Kristen Kennedy …In Six

My interview with success story Kristen

Naomi: How did you find your current job?
Kristen: I interned at the ACLU in my last semester of library school and really enjoyed it, but they had no plans to hire more staff in the near future. Then a few months after I graduated, a posting came up for an ACLU Assistant Archivist, but I thought there were so many people ahead of me in line for the job it wasn’t worth applying. But then my former supervisor encouraged me to apply, so I did, and three weeks later they offered me the position! I think the lesson here is that you should apply for everything, ever.

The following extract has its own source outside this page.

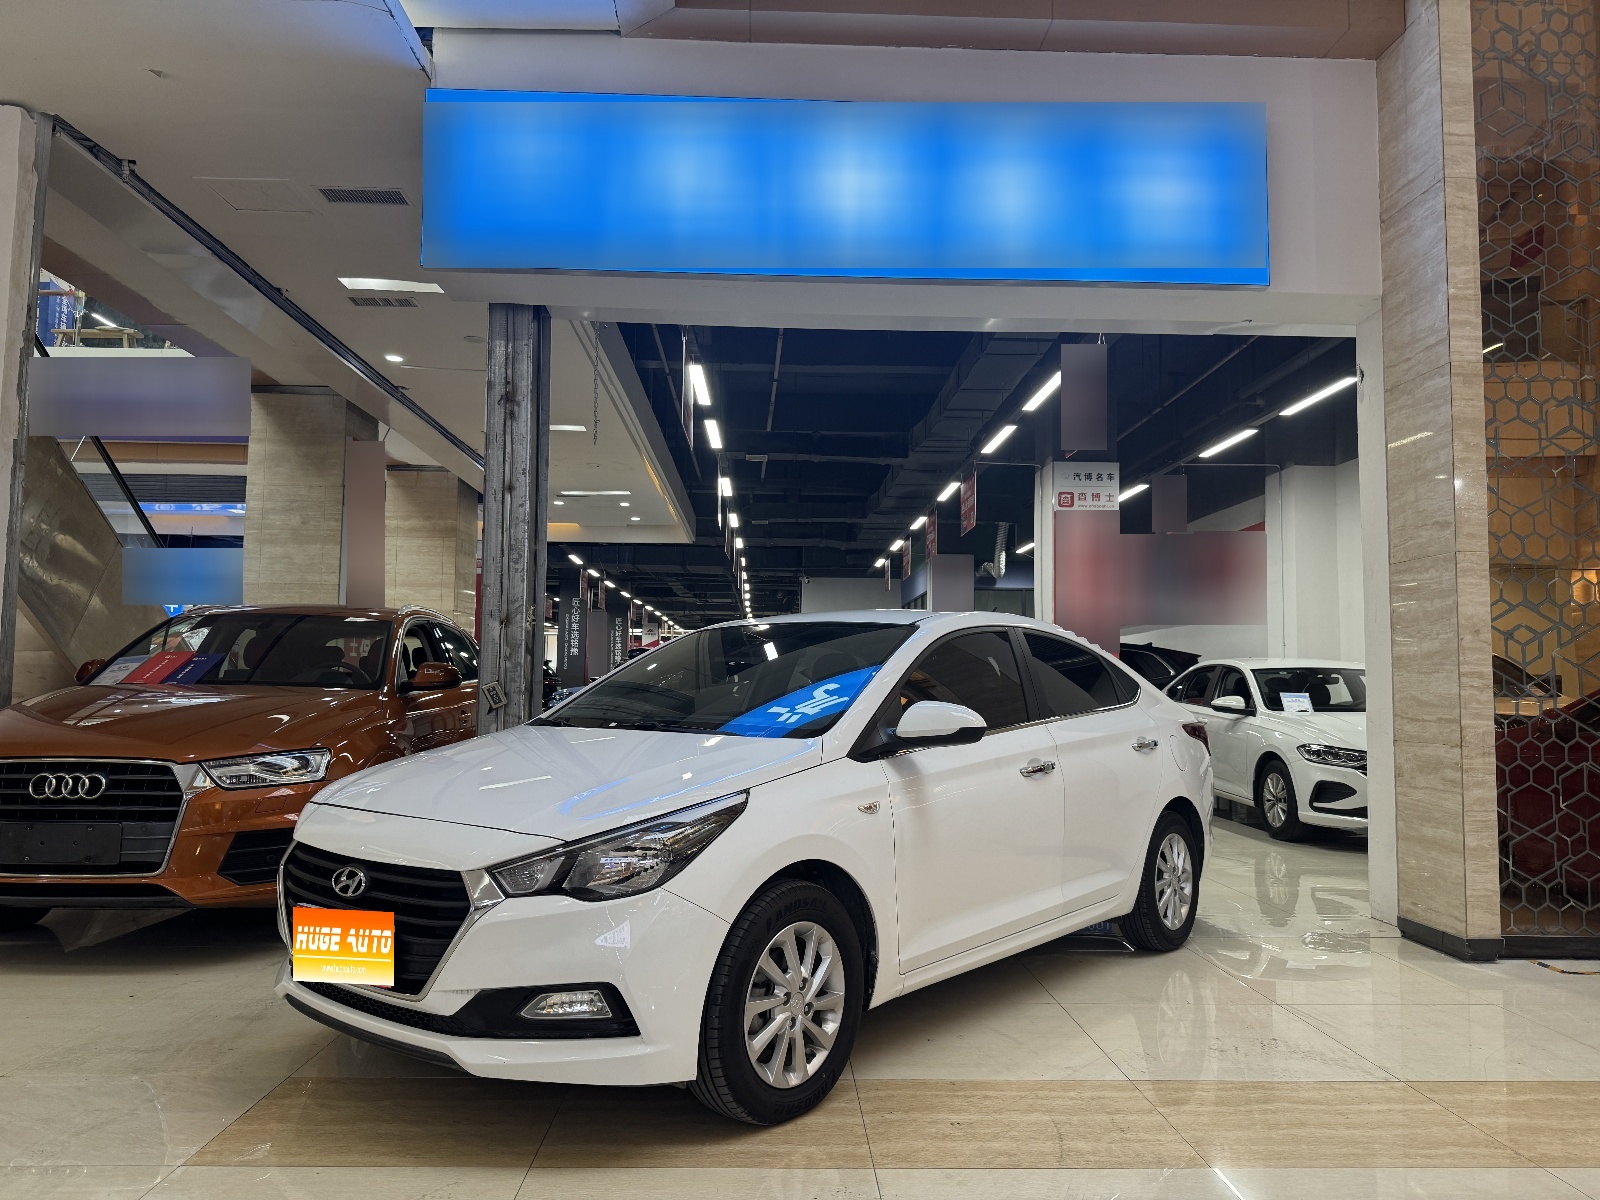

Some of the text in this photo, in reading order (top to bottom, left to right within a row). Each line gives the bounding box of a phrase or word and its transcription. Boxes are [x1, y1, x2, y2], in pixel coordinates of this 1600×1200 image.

[1073, 472, 1115, 482] 汽博名车
[1077, 492, 1115, 503] 查博士

Naomi: Favorite library you have been to?
Kristen: J. P. Morgan’s! There are secret doors built into the bookshelves, and his collection is like mecca for book lovers. It would be great to break into that vault…not that I’d steal anything, just hang out with the illuminated manuscripts for awhile and be really content.

Naomi: Favorite book?
Kristen: Mating, by Norman Rush. It is this beautiful love story set in the Kalahari, but it’s also about socialism and glass-blowing and Latin. I have too much affection for this book to objectively describe it, but I recommend it to just about anyone. Also the Song of Ice and Fire series because, dragons!

Naomi: Favorite thing about libraries/ library technology?
Kristen: Digital libraries that facilitate the sharing of rare and wonderful objects you would never see up-close otherwise, like the Roman de la Rose project.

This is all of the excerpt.